[Stored data entries]
··········

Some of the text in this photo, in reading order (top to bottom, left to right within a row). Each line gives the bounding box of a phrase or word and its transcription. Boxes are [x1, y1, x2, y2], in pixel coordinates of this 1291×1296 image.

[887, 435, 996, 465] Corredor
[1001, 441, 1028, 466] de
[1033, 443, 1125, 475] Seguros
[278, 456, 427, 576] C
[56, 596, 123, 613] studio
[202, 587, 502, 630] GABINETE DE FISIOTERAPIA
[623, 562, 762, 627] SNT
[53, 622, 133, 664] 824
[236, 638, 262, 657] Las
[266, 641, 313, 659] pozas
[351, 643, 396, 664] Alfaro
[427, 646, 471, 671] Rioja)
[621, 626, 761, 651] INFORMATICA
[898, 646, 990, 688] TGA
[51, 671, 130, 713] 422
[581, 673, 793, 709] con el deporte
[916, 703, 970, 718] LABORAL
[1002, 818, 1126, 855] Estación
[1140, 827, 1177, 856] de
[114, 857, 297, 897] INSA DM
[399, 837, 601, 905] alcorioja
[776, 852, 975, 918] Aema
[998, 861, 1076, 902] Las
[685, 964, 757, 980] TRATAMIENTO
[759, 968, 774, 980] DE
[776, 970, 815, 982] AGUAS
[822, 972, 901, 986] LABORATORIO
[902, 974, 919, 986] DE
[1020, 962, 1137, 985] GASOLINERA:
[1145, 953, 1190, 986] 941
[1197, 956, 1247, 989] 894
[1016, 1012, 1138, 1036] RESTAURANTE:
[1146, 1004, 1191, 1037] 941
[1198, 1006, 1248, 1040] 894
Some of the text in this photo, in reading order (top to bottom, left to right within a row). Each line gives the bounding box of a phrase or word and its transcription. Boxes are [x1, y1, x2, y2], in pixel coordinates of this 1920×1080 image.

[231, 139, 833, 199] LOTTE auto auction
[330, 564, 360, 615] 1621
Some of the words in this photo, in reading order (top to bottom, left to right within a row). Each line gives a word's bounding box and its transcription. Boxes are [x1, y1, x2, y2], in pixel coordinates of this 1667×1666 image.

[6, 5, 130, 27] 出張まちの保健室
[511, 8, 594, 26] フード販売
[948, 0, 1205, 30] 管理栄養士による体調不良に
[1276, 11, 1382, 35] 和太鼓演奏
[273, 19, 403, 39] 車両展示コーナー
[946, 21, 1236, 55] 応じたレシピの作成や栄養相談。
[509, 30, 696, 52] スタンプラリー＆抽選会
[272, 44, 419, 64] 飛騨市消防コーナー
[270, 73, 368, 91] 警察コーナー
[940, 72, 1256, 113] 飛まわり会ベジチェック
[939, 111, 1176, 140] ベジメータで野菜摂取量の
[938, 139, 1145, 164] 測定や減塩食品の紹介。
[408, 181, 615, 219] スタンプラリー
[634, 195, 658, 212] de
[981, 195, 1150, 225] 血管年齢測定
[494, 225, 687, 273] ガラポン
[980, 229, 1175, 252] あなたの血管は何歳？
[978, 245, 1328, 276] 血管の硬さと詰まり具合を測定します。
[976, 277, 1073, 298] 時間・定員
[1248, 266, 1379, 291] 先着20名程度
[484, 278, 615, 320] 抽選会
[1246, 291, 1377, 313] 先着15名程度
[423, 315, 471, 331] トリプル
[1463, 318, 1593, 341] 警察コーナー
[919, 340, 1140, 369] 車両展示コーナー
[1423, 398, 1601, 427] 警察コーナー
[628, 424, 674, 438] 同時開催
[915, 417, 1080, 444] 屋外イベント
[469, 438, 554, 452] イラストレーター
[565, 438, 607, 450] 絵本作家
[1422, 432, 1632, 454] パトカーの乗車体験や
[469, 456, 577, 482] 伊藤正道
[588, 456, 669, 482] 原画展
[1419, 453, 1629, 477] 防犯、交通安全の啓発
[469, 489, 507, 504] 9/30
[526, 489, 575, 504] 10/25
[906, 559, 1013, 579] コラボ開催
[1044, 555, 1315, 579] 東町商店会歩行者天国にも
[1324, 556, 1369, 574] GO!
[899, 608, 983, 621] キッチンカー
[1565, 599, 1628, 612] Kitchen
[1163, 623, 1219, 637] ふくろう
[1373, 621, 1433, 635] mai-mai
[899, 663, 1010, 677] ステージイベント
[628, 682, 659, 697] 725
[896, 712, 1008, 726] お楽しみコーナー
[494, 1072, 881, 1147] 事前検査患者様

··········

▶ _What this task involves_
What you return should match every line above exactly.

▶ _Output of the exercise_
Some of the text in this photo, in reading order (top to bottom, left to right within a row). Each line gives the bounding box of a phrase or word and its transcription. Boxes are [x1, y1, x2, y2], in pixel coordinates of this 1291×1296 image.

[887, 435, 996, 465] Corredor
[1001, 441, 1028, 466] de
[1033, 443, 1125, 475] Seguros
[278, 456, 427, 576] C
[56, 596, 123, 613] studio
[202, 587, 502, 630] GABINETE DE FISIOTERAPIA
[623, 562, 762, 627] SNT
[53, 622, 133, 664] 824
[236, 638, 262, 657] Las
[266, 641, 313, 659] pozas
[351, 643, 396, 664] Alfaro
[427, 646, 471, 671] Rioja)
[621, 626, 761, 651] INFORMATICA
[898, 646, 990, 688] TGA
[51, 671, 130, 713] 422
[581, 673, 793, 709] con el deporte
[916, 703, 970, 718] LABORAL
[1002, 818, 1126, 855] Estación
[1140, 827, 1177, 856] de
[114, 857, 297, 897] INSA DM
[399, 837, 601, 905] alcorioja
[776, 852, 975, 918] Aema
[998, 861, 1076, 902] Las
[685, 964, 757, 980] TRATAMIENTO
[759, 968, 774, 980] DE
[776, 970, 815, 982] AGUAS
[822, 972, 901, 986] LABORATORIO
[902, 974, 919, 986] DE
[1020, 962, 1137, 985] GASOLINERA:
[1145, 953, 1190, 986] 941
[1197, 956, 1247, 989] 894
[1016, 1012, 1138, 1036] RESTAURANTE:
[1146, 1004, 1191, 1037] 941
[1198, 1006, 1248, 1040] 894
Some of the text in this photo, in reading order (top to bottom, left to right within a row). Each line gives the bounding box of a phrase or word and its transcription. Boxes are [x1, y1, x2, y2], in pixel coordinates of this 1920×1080 image.

[231, 139, 833, 199] LOTTE auto auction
[330, 564, 360, 615] 1621
Some of the words in this photo, in reading order (top to bottom, left to right within a row). Each line gives a word's bounding box and its transcription. Boxes are [x1, y1, x2, y2], in pixel coordinates of this 1667×1666 image.

[6, 5, 130, 27] 出張まちの保健室
[511, 8, 594, 26] フード販売
[948, 0, 1205, 30] 管理栄養士による体調不良に
[1276, 11, 1382, 35] 和太鼓演奏
[273, 19, 403, 39] 車両展示コーナー
[946, 21, 1236, 55] 応じたレシピの作成や栄養相談。
[509, 30, 696, 52] スタンプラリー＆抽選会
[272, 44, 419, 64] 飛騨市消防コーナー
[270, 73, 368, 91] 警察コーナー
[940, 72, 1256, 113] 飛まわり会ベジチェック
[939, 111, 1176, 140] ベジメータで野菜摂取量の
[938, 139, 1145, 164] 測定や減塩食品の紹介。
[408, 181, 615, 219] スタンプラリー
[634, 195, 658, 212] de
[981, 195, 1150, 225] 血管年齢測定
[494, 225, 687, 273] ガラポン
[980, 229, 1175, 252] あなたの血管は何歳？
[978, 245, 1328, 276] 血管の硬さと詰まり具合を測定します。
[976, 277, 1073, 298] 時間・定員
[1248, 266, 1379, 291] 先着20名程度
[484, 278, 615, 320] 抽選会
[1246, 291, 1377, 313] 先着15名程度
[423, 315, 471, 331] トリプル
[1463, 318, 1593, 341] 警察コーナー
[919, 340, 1140, 369] 車両展示コーナー
[1423, 398, 1601, 427] 警察コーナー
[628, 424, 674, 438] 同時開催
[915, 417, 1080, 444] 屋外イベント
[469, 438, 554, 452] イラストレーター
[565, 438, 607, 450] 絵本作家
[1422, 432, 1632, 454] パトカーの乗車体験や
[469, 456, 577, 482] 伊藤正道
[588, 456, 669, 482] 原画展
[1419, 453, 1629, 477] 防犯、交通安全の啓発
[469, 489, 507, 504] 9/30
[526, 489, 575, 504] 10/25
[906, 559, 1013, 579] コラボ開催
[1044, 555, 1315, 579] 東町商店会歩行者天国にも
[1324, 556, 1369, 574] GO!
[899, 608, 983, 621] キッチンカー
[1565, 599, 1628, 612] Kitchen
[1163, 623, 1219, 637] ふくろう
[1373, 621, 1433, 635] mai-mai
[899, 663, 1010, 677] ステージイベント
[628, 682, 659, 697] 725
[896, 712, 1008, 726] お楽しみコーナー
[494, 1072, 881, 1147] 事前検査患者様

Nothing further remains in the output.